MB2C: Model-Based Deep Reinforcement Learning for Multi-zone Building Control

Reinforcement learning has been widely studied for controlling Heating, Ventilation, and Air conditioning (HVAC) systems. Most of the existing works are focused on Model-Free Reinforcement Learning (MFRL), which learns an agent by extensively trial-and-error interaction with a real building. However, one of the fundamental problems with MFRL is the very large amount of training data required to converge to acceptable performance. Although simulation models have been used to generate sufficient training data to accelerate the training process, MFRL needs a high-fidelity building model for simulation, which is also hard to calibrate. As a result, Model-Based Reinforcement Learning (MBRL) has been used for HVAC control. While MBRL schemes can achieve excellent sample efficiency (i.e. less training data), they often lag behind model-free approaches in terms of asymptotic control performance (i.e. high energy savings while meeting occupants' thermal comfort).

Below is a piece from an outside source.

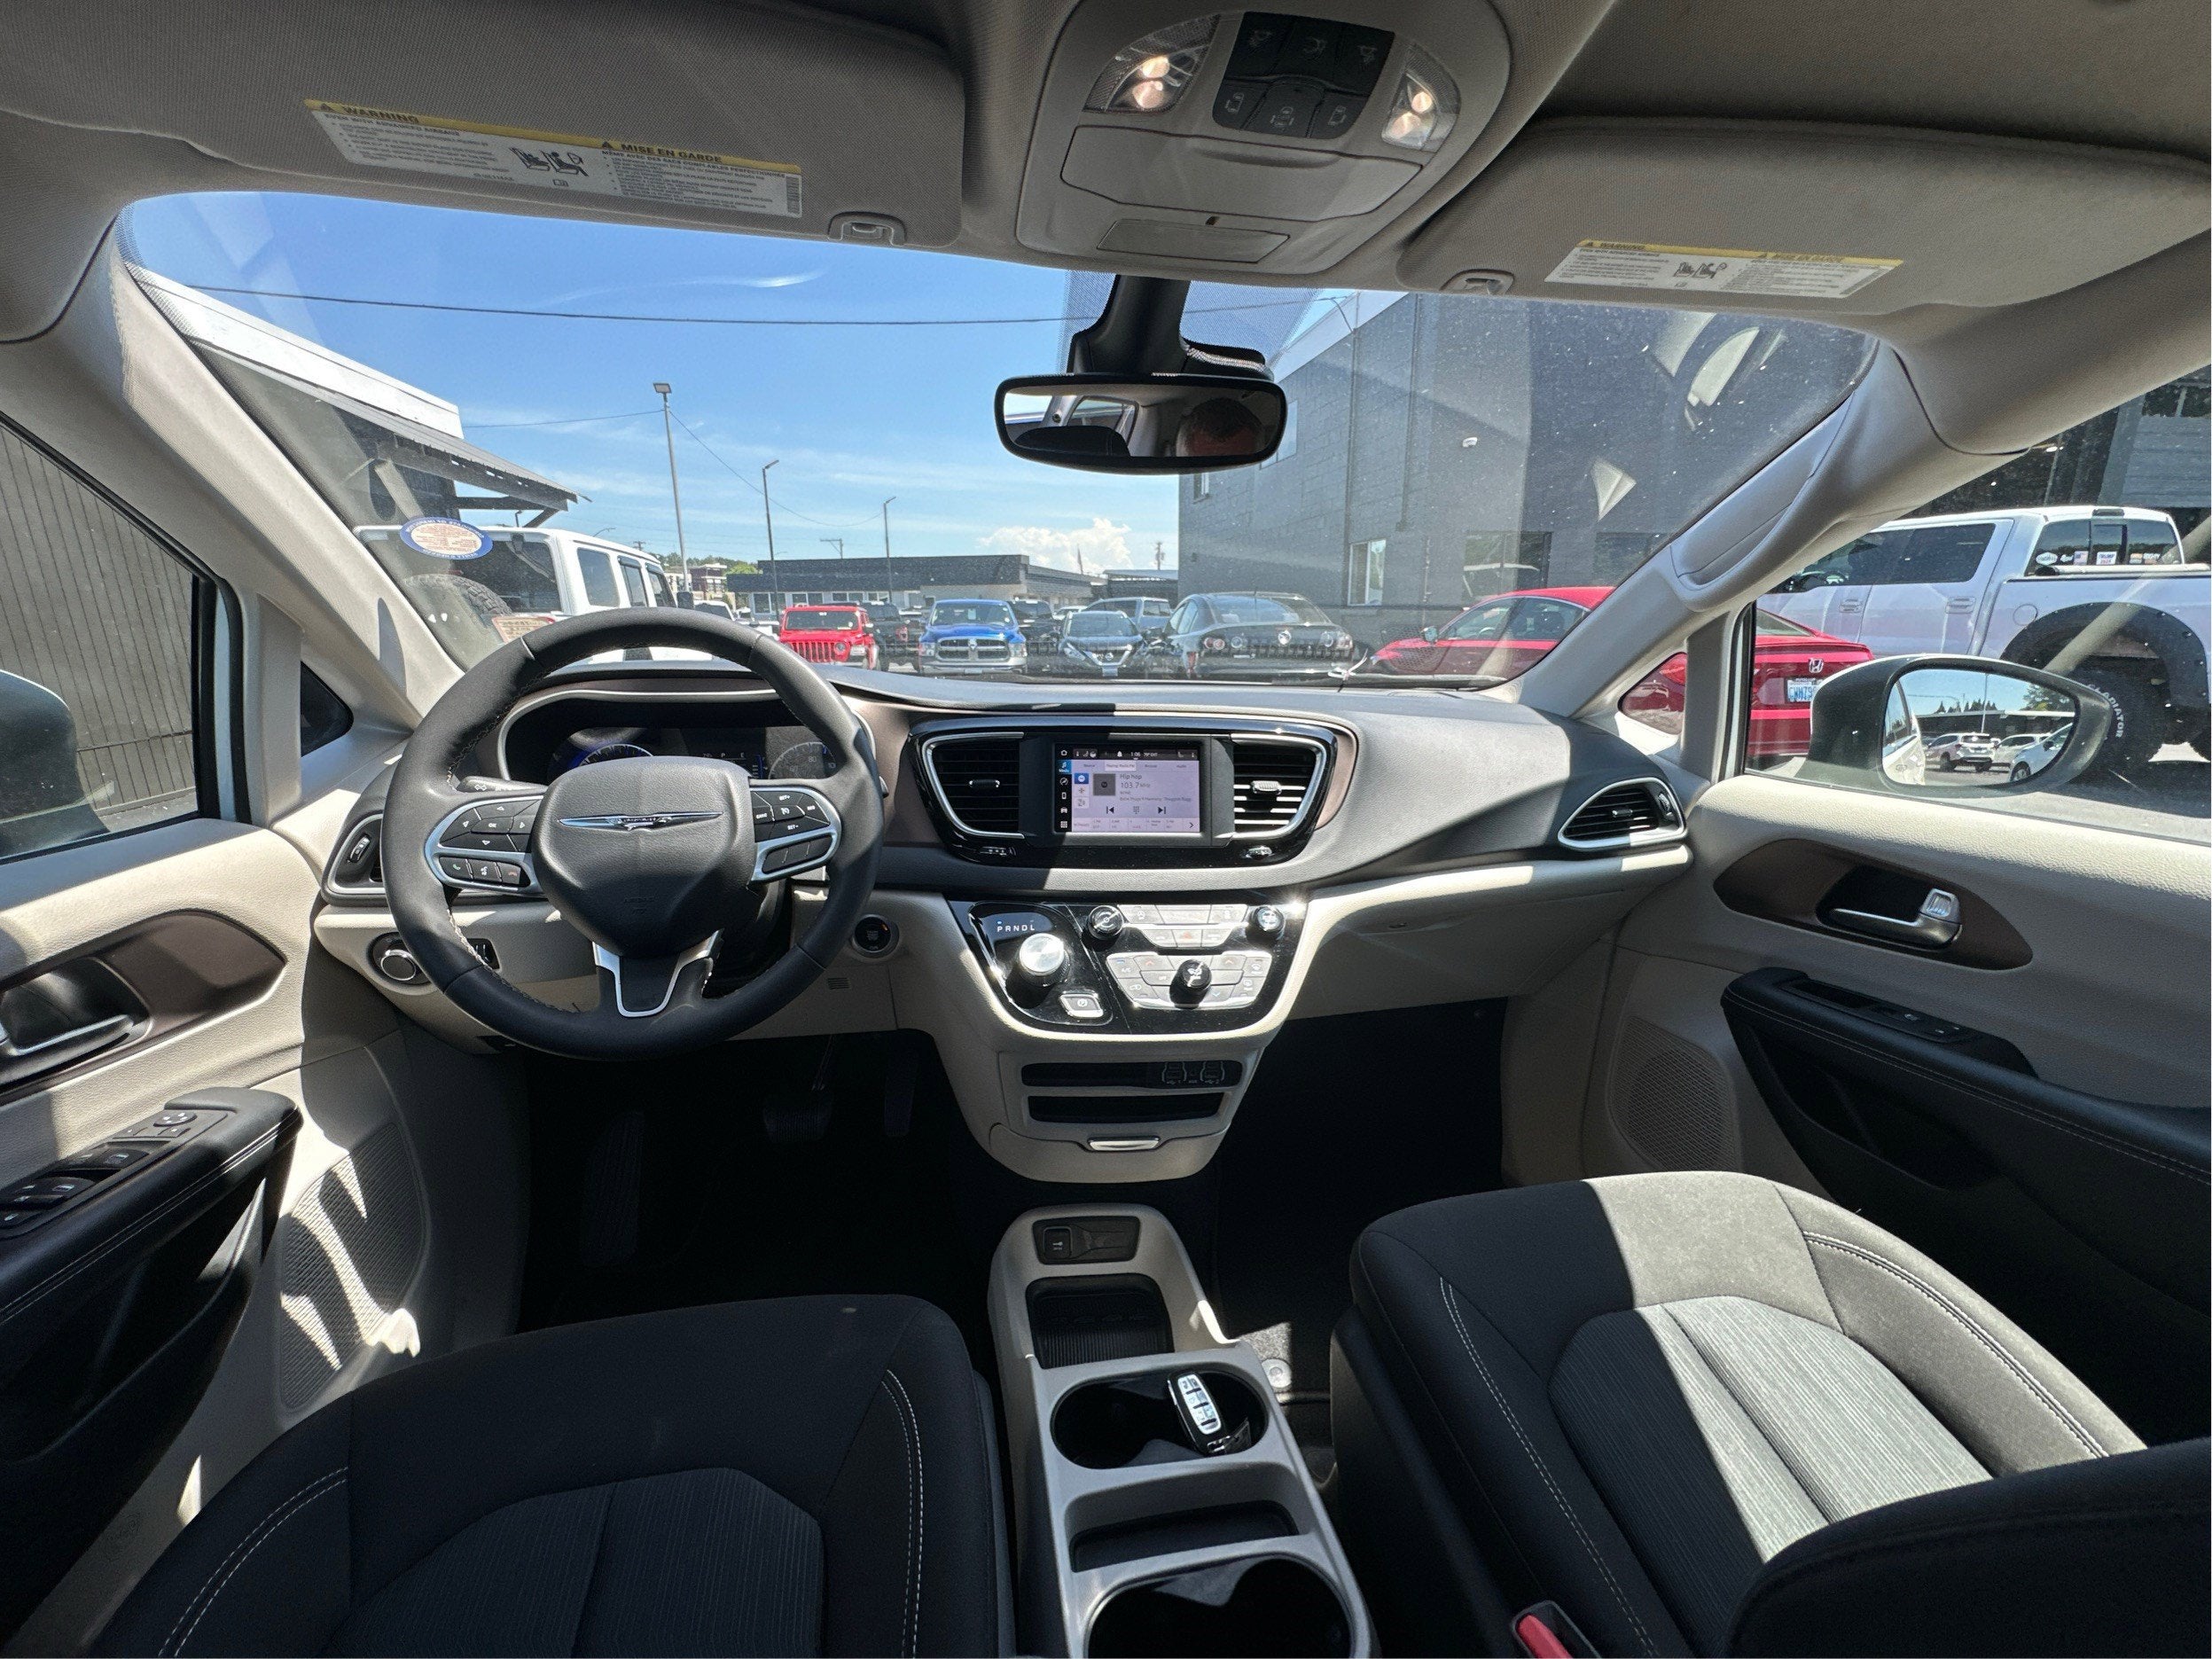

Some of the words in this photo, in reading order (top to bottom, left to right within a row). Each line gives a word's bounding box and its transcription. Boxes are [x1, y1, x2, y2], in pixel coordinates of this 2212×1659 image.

[343, 106, 419, 123] WARNING
[621, 143, 654, 154] MISE
[657, 147, 676, 157] EN
[678, 151, 723, 163] GARDE

In this paper, we conduct a set of experiments to analyze the limitations of current MBRL-based HVAC control methods, in terms of model uncertainty and controller effectiveness. Using the lessons learned, we develop MB2C, a novel MBRL-based HVAC control system that can achieve high control performance with excellent sample efficiency. MB2C learns the building dynamics by employing an ensemble of environment-conditioned neural networks. It then applies a new control method, Model Predictive Path Integral (MPPI), for HVAC control. It produces candidate action sequences by using an importance sampling weighted algorithm that scales better to high state and action dimensions of multi-zone buildings. We evaluate MB2C using EnergyPlus simulations in a five-zone office building. The results show that MB2C can achieve 8.23% more energy savings compared to the state-of-the-art MBRL solution while maintaining similar thermal comfort. MB2C can reduce the training data set by an order of magnitude (10.52×) while achieving comparable performance to MFRL approaches.